▶ Dataset content:
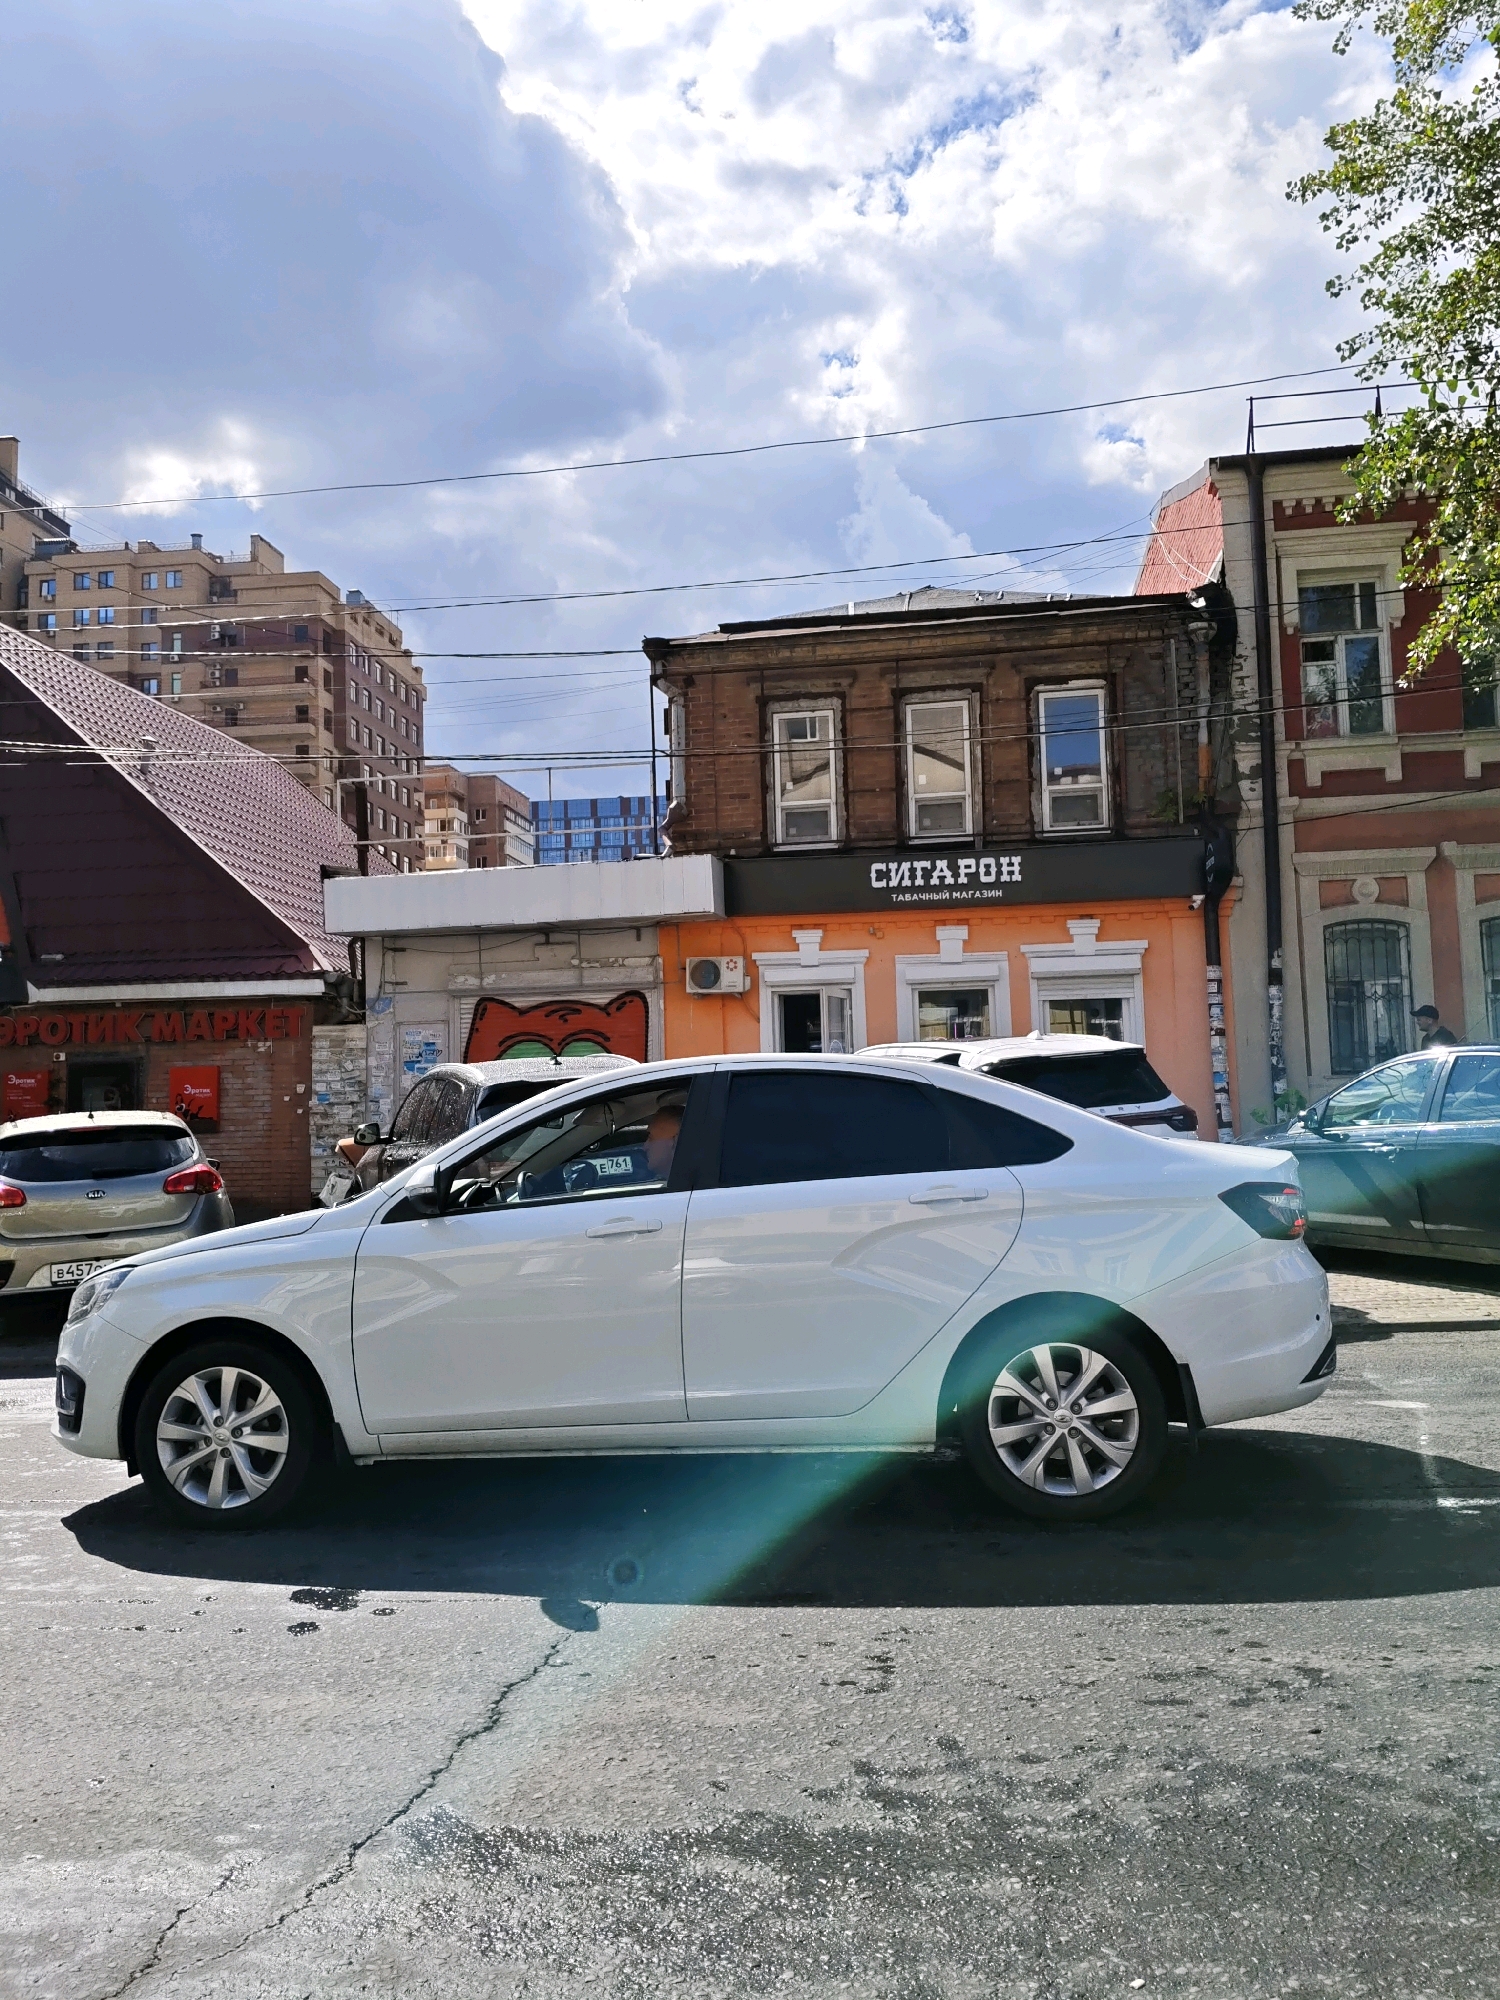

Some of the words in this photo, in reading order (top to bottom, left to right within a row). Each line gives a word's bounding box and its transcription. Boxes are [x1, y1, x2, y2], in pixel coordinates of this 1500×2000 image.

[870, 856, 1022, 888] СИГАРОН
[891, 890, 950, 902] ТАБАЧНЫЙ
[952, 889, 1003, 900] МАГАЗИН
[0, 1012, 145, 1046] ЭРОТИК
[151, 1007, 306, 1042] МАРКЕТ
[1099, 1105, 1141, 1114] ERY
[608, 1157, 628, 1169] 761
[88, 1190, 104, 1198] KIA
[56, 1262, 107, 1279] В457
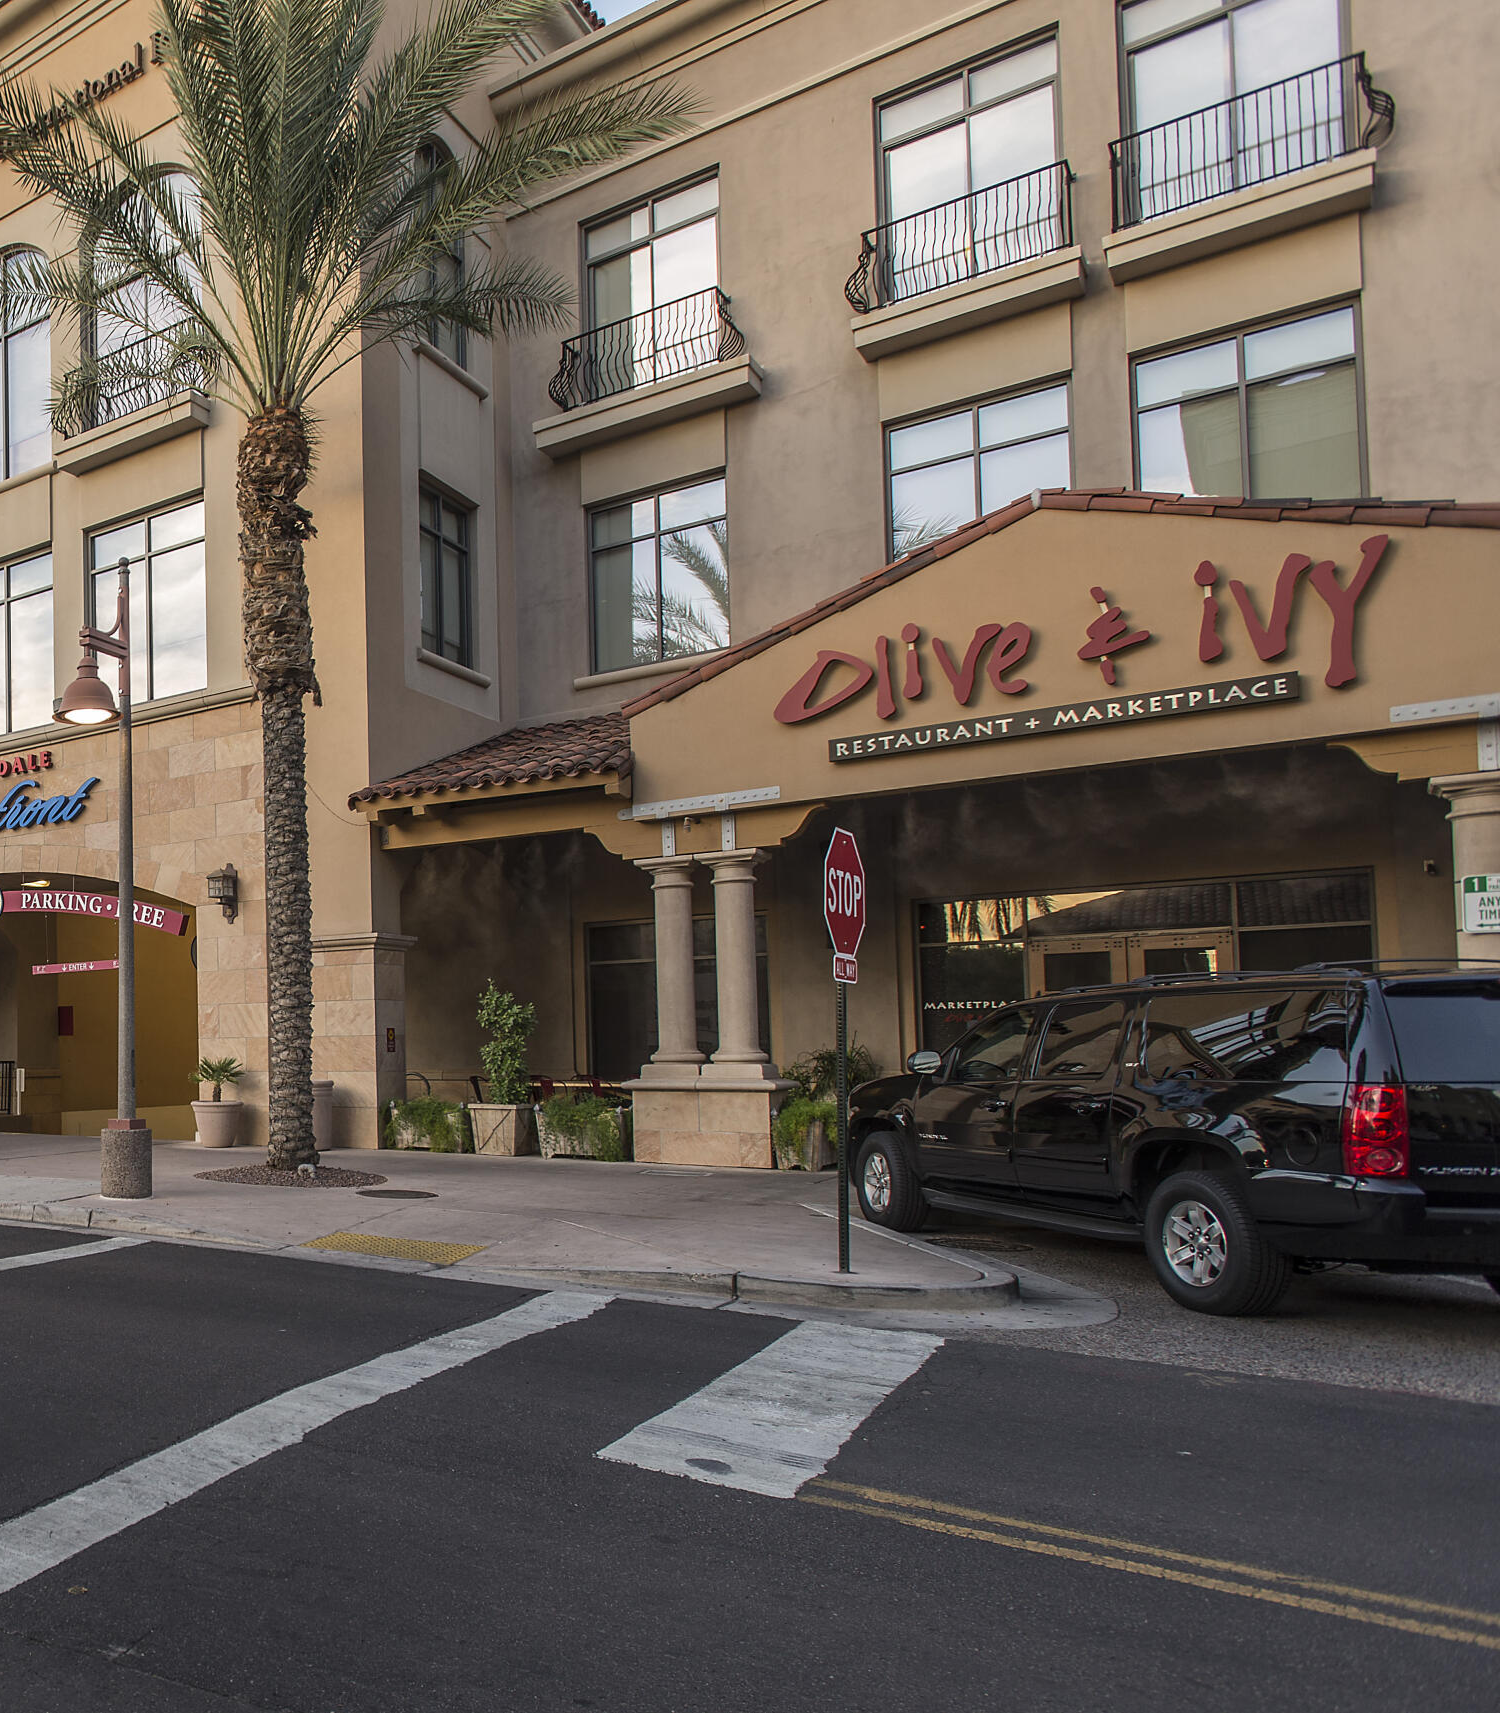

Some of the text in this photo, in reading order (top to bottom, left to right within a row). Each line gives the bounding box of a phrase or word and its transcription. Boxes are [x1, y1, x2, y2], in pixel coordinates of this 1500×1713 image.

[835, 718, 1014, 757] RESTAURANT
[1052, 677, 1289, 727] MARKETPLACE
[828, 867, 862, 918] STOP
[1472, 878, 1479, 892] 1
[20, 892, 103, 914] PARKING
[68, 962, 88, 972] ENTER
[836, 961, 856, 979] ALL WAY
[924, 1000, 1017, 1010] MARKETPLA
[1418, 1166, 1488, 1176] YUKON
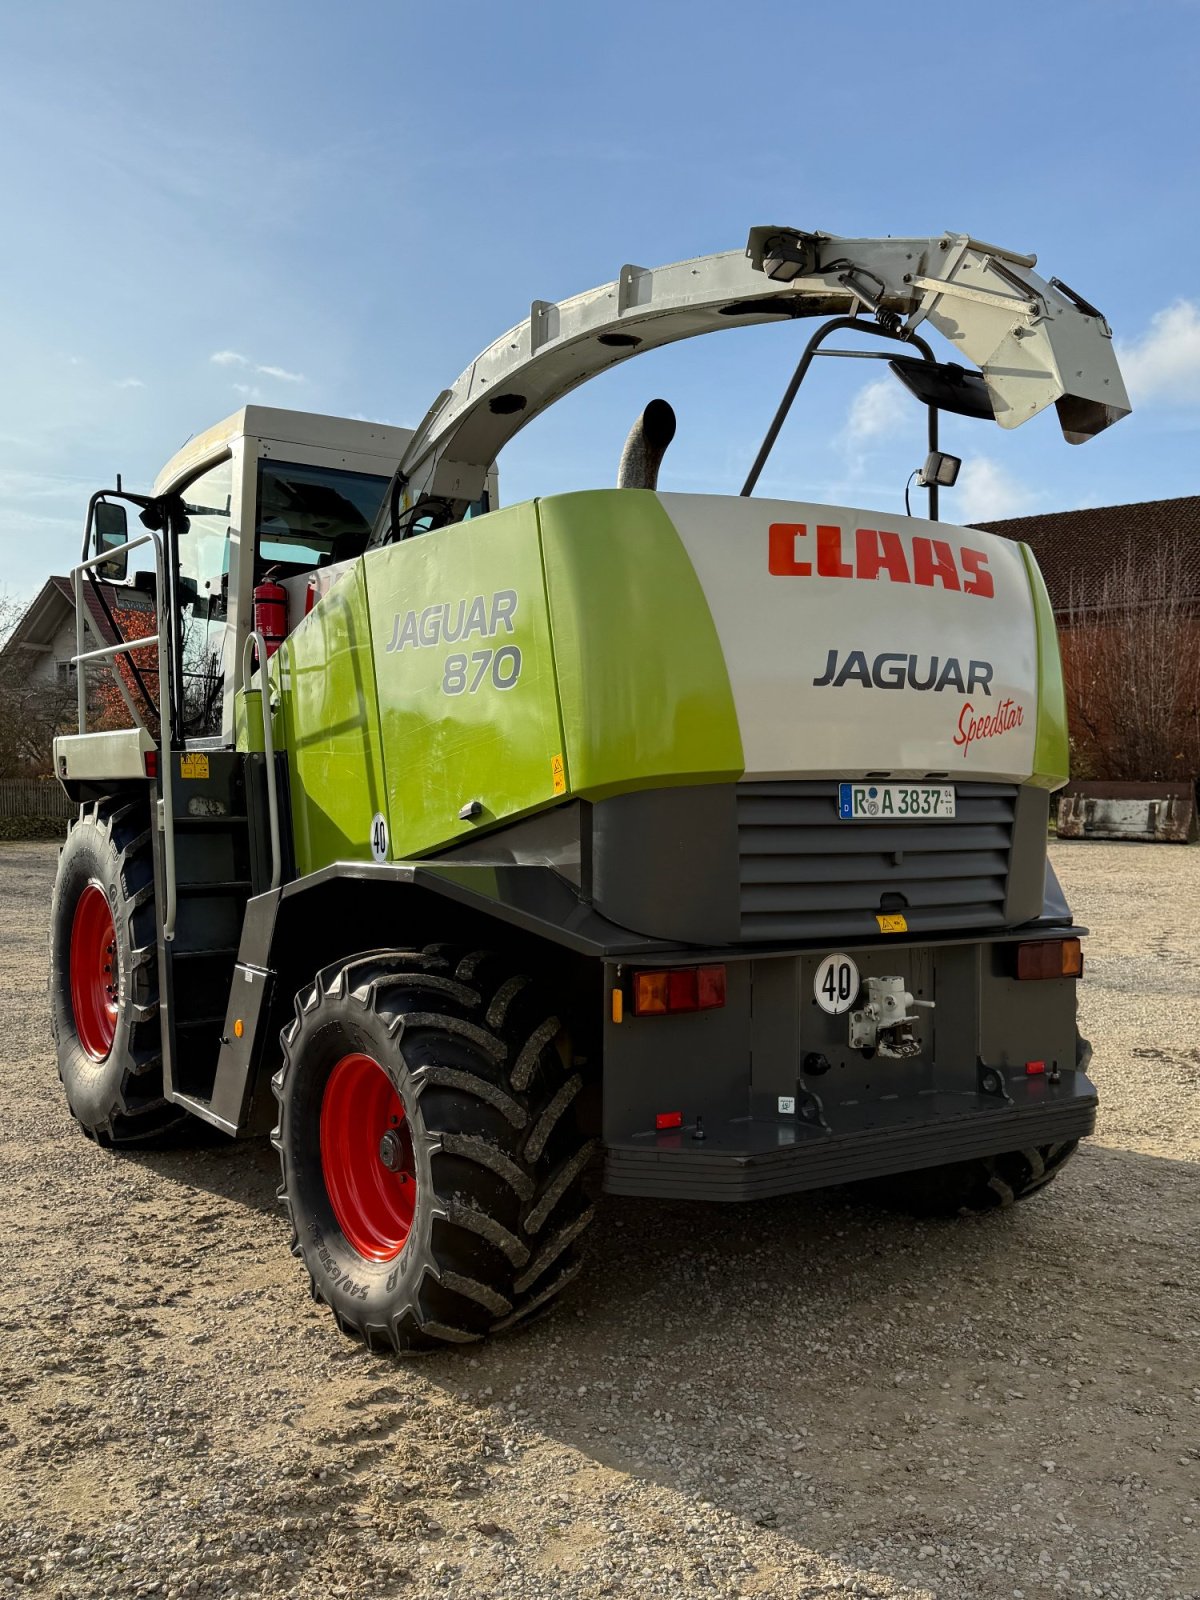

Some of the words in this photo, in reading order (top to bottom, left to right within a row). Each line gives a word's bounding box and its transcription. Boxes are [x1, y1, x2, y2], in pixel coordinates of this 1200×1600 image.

▶ Directions for this task: Find the line with "Some of the text". Reproduce it and every line after it through the last line above exactly, leaving out the pictures.

▶ Result of this task:
Some of the text in this photo, in reading order (top to bottom, left to right within a row). Each line gives the bounding box of a phrase or word and its transcription. Boxes are [x1, y1, x2, y2], in pixel coordinates of this 1500×1713 image.

[835, 718, 1014, 757] RESTAURANT
[1052, 677, 1289, 727] MARKETPLACE
[828, 867, 862, 918] STOP
[1472, 878, 1479, 892] 1
[20, 892, 103, 914] PARKING
[68, 962, 88, 972] ENTER
[836, 961, 856, 979] ALL WAY
[924, 1000, 1017, 1010] MARKETPLA
[1418, 1166, 1488, 1176] YUKON

Some of the words in this photo, in reading order (top to bottom, left to right within a row). Each line gives a word's bounding box and its transcription. Boxes are [x1, y1, x2, y2], in pixel coordinates of this 1200×1600 image.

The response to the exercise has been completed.